Sua obra de maturidade demonstra o domínio da técnica, fazendo uso de uma


cornucópia de referências à literatura do mundo, de "Dom Quixote" a William
Blake, abarcando a poesia e as narrativas clássicas de seu país.

Há um esforço para dar significado a grandes questões sociais e pessoais —uma


das quais, o suposto suicídio de seu cunhado, o cineasta Itami Juzo, ainda é
causa de polêmica na sociedade japonesa.

Muitos japoneses da geração de Oe se tornaram pacifistas e se declaram contra


o uso de materiais radioativos.
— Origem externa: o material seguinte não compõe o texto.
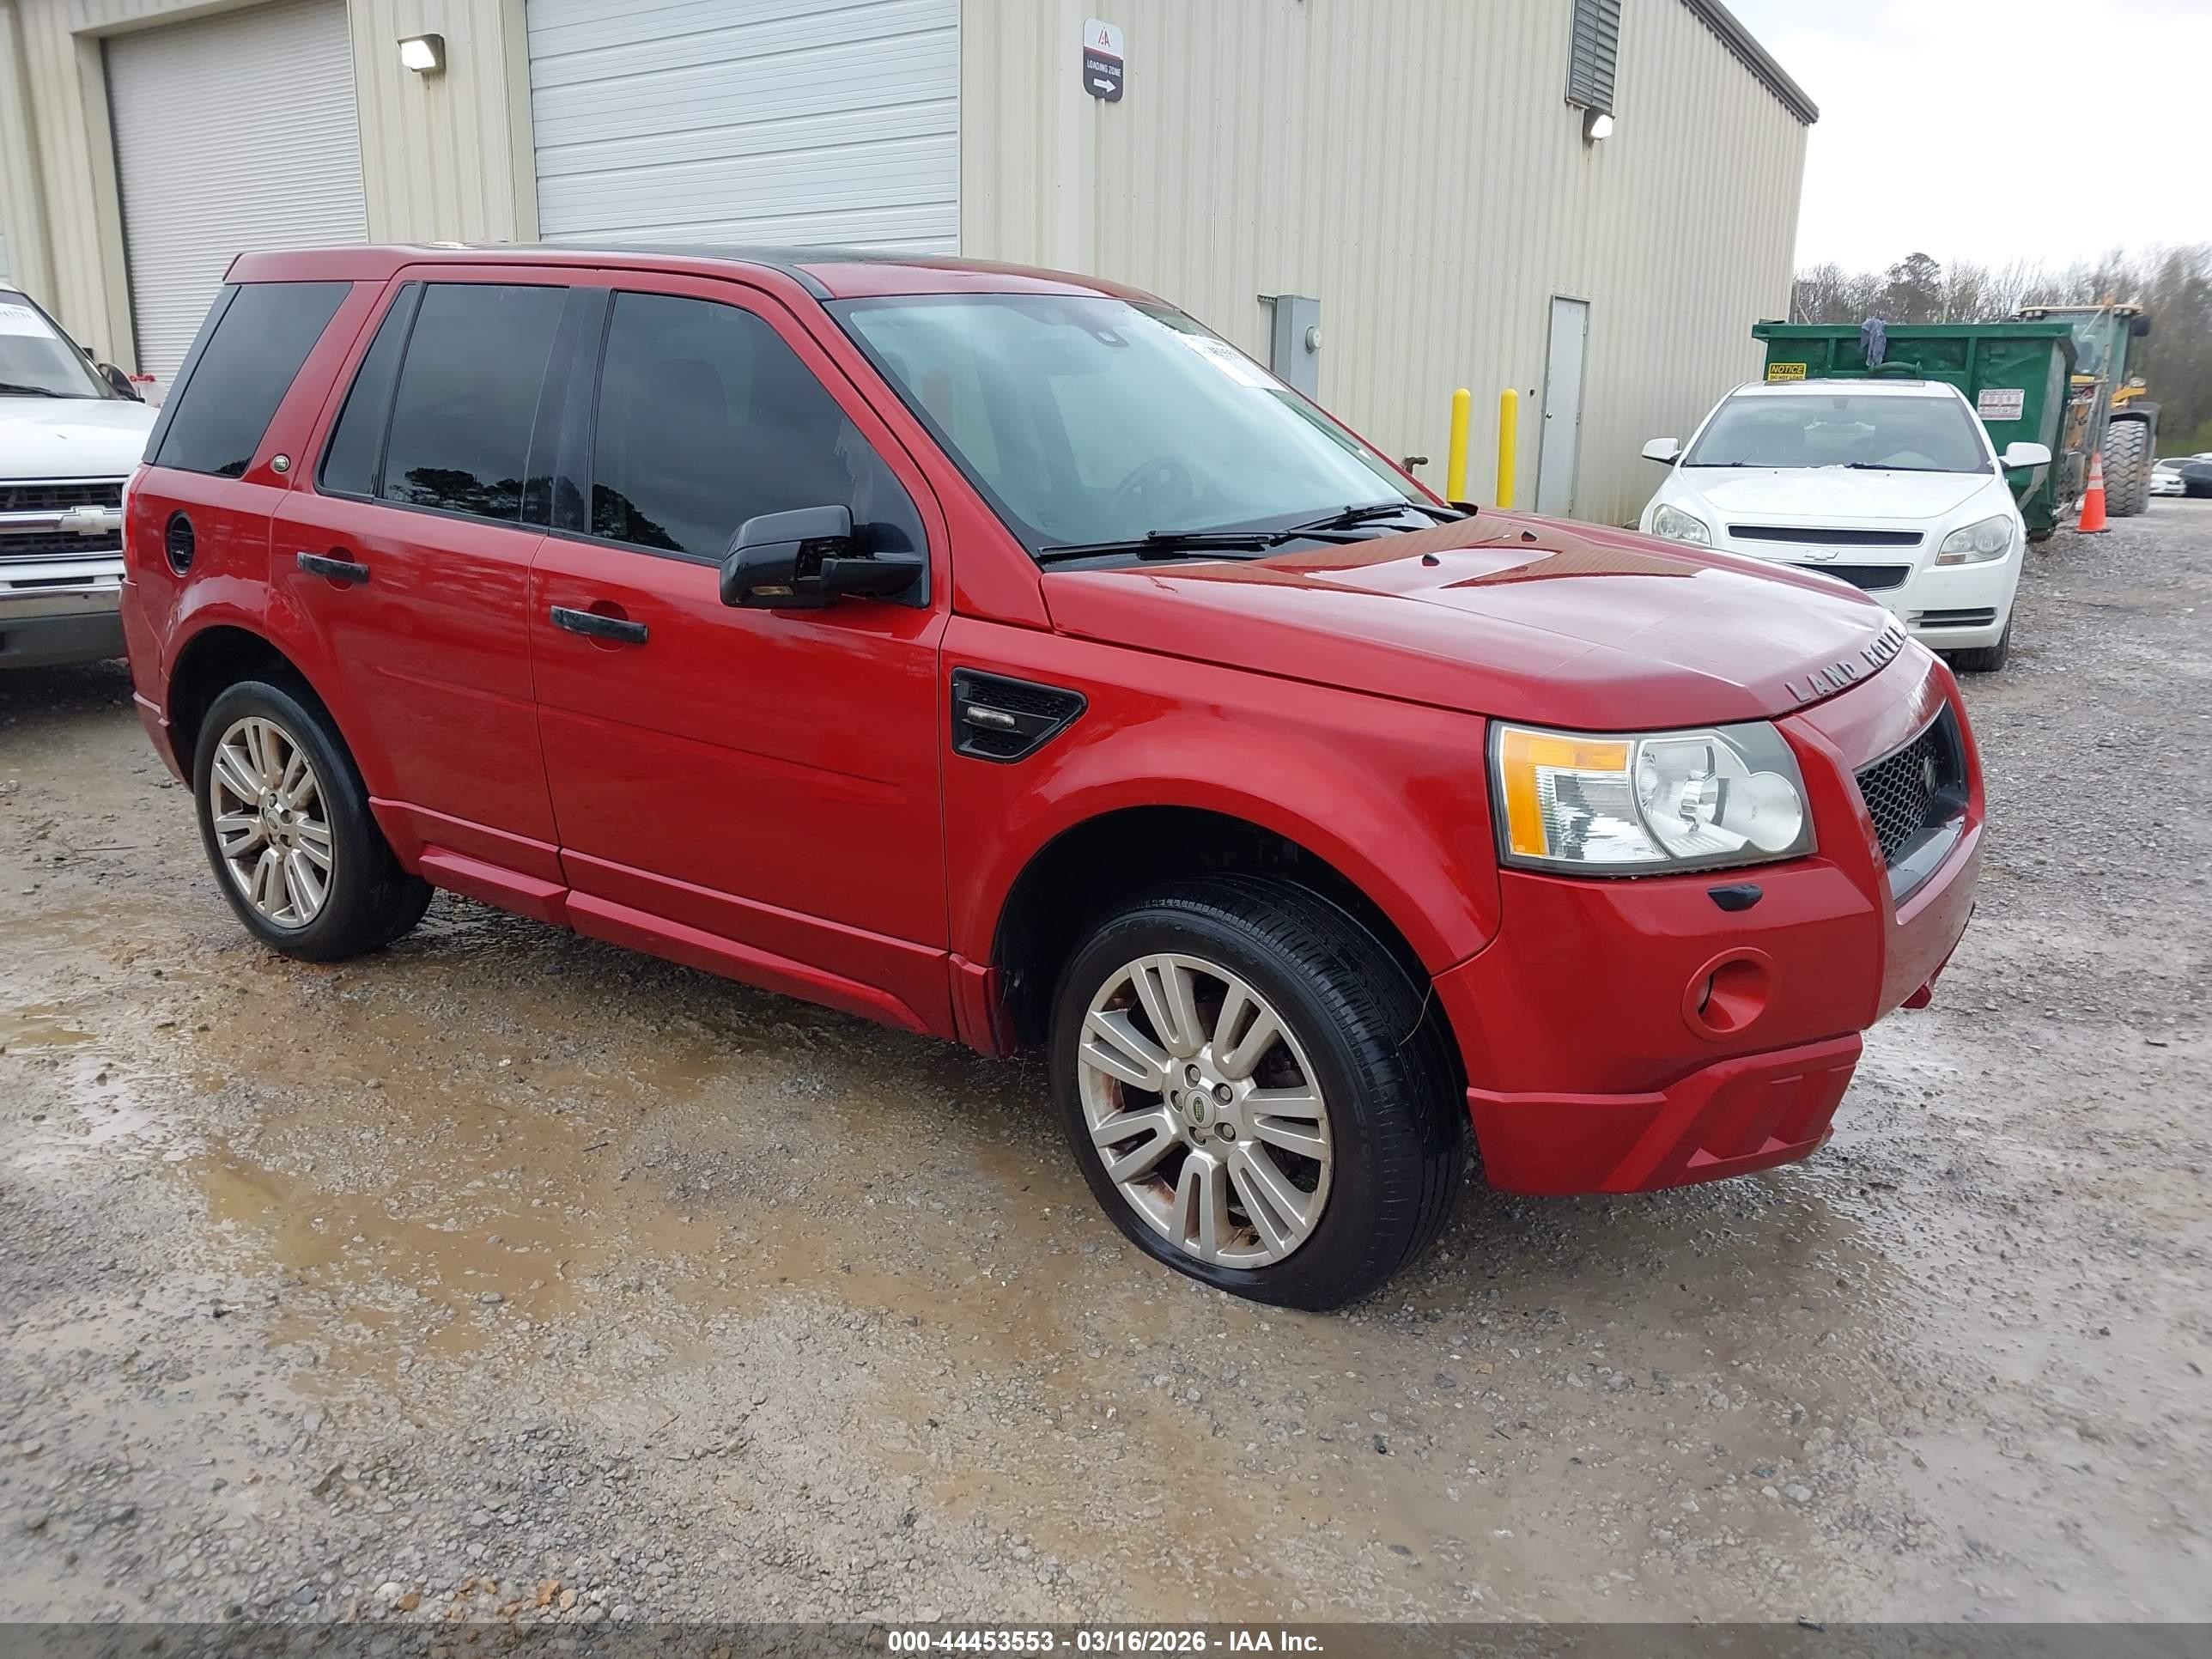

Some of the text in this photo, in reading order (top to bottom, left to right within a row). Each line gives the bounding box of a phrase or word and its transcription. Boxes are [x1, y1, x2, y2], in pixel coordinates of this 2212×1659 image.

Para grande preocupação do autor, no entanto,
as gerações nascidas após o milagre japonês não pareciam tão investidas no
ideal antimilitarista.

A trajetória de Oe é muitas vezes apresentada em contraste com a de seu


conterrâneo, o escritor de extrema direita Yukio Mishima
(https://www1.folha.uol.com.br/ilustrada/2020/06/conto-japones-revela-a-voltagem-erotica-de-um-pacto-de-morte.shtml),

que nutria convicções políticas diametralmente opostas às suas.

Se Mishima revela o mais profundo niilismo e conservadorismo —ao contrário


de Oe, um humanista que devotou a vida à causa da paz—, os dois japoneses
têm em comum uma visão romântica e rebelde frente à violência da vida.